Son olarak şunu eklemek isterim: Gazeteciliğin bir şeyi var ki içinde bulunduğumuz hayat bizi başka türlü bir gazeteciliğe itebiliyor. Demin değindiğimiz algoritma, beğenilme/beğenme meseleleri... Gazetecilik özü itibarıyla bu tartışmaların içinde bir yerinde duran bir meslek değildir. Şunu demeye çalışıyorum: “Muhalif”, “yandaş”, “candaş”, “kandaş” falan diye gazeteci olmaz. Böyle bir şey yoktur. Bir gazetecilik var ve dördüncü kuvvetten yola çıkarsak bu zaten iktidarları ve dolayısıyla mevcut yapıları denetleme gibi bir misyonu olduğu için pek tabii ki bunun iktidar çıkarlarıyla çatıştığı alanlar olabilir ama o iktidarların da denetime açık olmaları aynı zamanda kendi meşruiyetlerini arttırdığı için (yani iktidarda kalma sürelerinin ve halkın onlara güvenme sürelerinin artması meselesi) ideal bir demokraside gazeteler eleştiri görevlerini yaparlar.
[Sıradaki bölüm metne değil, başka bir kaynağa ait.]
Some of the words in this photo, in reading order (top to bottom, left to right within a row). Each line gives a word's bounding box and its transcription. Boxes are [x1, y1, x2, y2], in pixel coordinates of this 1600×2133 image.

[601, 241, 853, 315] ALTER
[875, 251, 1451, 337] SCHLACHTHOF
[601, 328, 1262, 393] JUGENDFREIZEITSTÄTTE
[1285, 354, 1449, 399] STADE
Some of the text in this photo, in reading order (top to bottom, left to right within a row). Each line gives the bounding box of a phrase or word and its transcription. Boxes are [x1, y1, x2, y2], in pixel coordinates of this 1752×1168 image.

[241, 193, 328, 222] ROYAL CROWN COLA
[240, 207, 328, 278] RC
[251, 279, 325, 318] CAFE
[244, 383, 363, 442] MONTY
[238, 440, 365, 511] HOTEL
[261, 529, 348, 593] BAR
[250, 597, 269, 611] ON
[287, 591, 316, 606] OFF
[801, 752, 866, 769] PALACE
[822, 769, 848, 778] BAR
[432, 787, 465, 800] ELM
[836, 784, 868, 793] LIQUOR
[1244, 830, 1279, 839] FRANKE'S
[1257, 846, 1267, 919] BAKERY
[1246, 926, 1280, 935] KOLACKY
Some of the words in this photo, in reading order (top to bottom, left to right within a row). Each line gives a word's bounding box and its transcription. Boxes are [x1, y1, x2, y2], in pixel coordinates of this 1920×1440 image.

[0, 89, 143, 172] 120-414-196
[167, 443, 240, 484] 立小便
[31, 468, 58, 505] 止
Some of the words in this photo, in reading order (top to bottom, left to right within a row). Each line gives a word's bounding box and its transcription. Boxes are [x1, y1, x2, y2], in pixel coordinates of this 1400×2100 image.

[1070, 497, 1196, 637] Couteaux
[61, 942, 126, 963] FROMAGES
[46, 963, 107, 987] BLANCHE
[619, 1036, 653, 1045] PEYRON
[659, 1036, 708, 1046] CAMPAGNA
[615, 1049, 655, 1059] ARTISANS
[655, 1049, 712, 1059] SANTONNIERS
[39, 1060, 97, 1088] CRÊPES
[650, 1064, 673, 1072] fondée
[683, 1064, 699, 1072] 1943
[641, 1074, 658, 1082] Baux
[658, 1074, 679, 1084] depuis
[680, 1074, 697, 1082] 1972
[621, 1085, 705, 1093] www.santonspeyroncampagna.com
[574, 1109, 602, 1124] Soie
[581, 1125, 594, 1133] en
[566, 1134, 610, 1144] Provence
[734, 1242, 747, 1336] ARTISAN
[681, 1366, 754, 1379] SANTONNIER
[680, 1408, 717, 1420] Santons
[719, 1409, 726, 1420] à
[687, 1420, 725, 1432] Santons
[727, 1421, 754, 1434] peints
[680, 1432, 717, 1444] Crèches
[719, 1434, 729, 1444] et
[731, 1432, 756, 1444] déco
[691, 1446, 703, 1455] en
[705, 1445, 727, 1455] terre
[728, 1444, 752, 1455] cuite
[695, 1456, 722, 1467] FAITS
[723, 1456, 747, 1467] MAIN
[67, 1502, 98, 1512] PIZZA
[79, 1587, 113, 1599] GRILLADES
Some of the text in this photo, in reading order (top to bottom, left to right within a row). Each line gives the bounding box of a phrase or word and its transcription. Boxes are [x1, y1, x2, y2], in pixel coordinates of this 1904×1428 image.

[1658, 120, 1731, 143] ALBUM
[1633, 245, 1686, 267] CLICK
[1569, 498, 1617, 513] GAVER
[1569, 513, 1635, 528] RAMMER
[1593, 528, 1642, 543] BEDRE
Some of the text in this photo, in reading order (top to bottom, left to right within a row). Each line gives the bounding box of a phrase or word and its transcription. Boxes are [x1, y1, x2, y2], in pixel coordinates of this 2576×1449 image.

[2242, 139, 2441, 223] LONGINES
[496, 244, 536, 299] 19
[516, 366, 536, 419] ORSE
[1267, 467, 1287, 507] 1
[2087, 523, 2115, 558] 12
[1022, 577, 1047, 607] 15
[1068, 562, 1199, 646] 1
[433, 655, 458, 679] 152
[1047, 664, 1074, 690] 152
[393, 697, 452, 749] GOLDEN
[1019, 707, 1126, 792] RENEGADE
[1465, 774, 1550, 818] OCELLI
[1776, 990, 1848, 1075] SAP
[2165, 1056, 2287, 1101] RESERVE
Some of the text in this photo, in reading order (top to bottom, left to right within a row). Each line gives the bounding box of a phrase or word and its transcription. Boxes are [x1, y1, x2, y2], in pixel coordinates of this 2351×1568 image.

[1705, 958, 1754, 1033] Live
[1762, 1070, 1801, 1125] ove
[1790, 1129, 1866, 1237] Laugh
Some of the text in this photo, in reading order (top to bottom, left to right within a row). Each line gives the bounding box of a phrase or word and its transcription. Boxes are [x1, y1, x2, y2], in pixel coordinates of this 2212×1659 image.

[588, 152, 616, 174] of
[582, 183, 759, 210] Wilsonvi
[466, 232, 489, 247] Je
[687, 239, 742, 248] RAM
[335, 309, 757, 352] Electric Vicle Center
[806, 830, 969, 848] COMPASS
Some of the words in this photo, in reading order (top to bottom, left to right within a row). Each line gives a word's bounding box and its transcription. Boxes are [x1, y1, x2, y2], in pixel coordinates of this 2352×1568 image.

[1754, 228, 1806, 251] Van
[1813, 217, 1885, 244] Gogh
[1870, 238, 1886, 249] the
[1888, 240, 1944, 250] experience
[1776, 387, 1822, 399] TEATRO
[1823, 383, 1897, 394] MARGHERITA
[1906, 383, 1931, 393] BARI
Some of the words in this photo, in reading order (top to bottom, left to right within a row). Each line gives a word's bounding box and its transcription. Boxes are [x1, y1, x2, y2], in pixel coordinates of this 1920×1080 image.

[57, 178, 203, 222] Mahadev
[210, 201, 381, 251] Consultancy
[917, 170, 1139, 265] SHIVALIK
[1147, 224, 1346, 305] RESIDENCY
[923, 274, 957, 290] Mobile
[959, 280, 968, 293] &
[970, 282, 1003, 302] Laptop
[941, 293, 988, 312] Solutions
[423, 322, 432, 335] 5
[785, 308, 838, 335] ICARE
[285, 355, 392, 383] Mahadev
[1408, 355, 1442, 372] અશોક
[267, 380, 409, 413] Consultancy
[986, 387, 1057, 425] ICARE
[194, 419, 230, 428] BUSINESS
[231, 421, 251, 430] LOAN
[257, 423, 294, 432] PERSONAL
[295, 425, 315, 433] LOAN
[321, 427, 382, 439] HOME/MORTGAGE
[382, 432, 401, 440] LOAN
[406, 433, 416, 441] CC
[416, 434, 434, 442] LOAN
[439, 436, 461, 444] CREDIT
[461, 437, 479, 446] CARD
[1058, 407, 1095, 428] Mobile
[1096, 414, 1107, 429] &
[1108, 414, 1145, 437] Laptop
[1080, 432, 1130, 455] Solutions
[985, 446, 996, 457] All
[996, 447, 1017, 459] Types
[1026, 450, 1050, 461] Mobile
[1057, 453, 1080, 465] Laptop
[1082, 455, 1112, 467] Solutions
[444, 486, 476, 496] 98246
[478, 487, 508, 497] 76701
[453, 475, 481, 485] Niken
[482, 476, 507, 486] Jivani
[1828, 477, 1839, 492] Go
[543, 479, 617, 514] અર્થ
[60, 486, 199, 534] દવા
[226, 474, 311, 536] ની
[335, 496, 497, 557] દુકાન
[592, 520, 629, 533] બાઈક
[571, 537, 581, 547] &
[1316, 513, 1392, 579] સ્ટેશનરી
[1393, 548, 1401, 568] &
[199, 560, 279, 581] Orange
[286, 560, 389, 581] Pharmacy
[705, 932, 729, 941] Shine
Bir yeri laf ola eleştirmek için değil, bir yanlışa dair bir haberi/bilgiyi açığa çıkarmakla alakalı bu görevlerini yapar gazeteler ve iktidarlar bundan hoşlanmaz ama bu ilişki böyle devam eder. Dolayısıyla gazeteci deyince bugün hayatında bir kez yazı işleri görmemiş, bir başlık atmamış, spot yazmamış, fotoğraf çekmemiş, haberle bir ilişki kurmamış, fiziken dahi orada bulunmamış ve sadece köşe yazan insanlara “gazeteci” demeye çok alışkın bizim dilimiz. Ancak şurası net ki bir tane gazeteci vardır ve o da önüne gelen şeyin haber değeri var mı yok mu, belli kriterleri karşılıyor mu, konuyu muhataplarına sordum mu, elimdeki belgeler doğruları yansıtıyor mu... Bunlara bakar, toplar, kanaatiyle beraber yazar. Hata da yapabilir, tekzip edilir, düzeltilir. Bu böyle bir meslektir. Kalkıp da küfretme derecesinde bağırışmalarla ya da birbirini ispiyonlarcasına “onu alın”, “bunu almayın” tarzında devlete ispiyonlamak eyleminin kendisine gazetecilik denemez. Röportajımızı okuyanlar da buna dikkat ederlerse bu sayede eğrisini doğrusunu ayırmış olurlar.

Burak Karataş: Çok güzel oldu, ağzınıza sağlık. Çok teşekkür ederiz.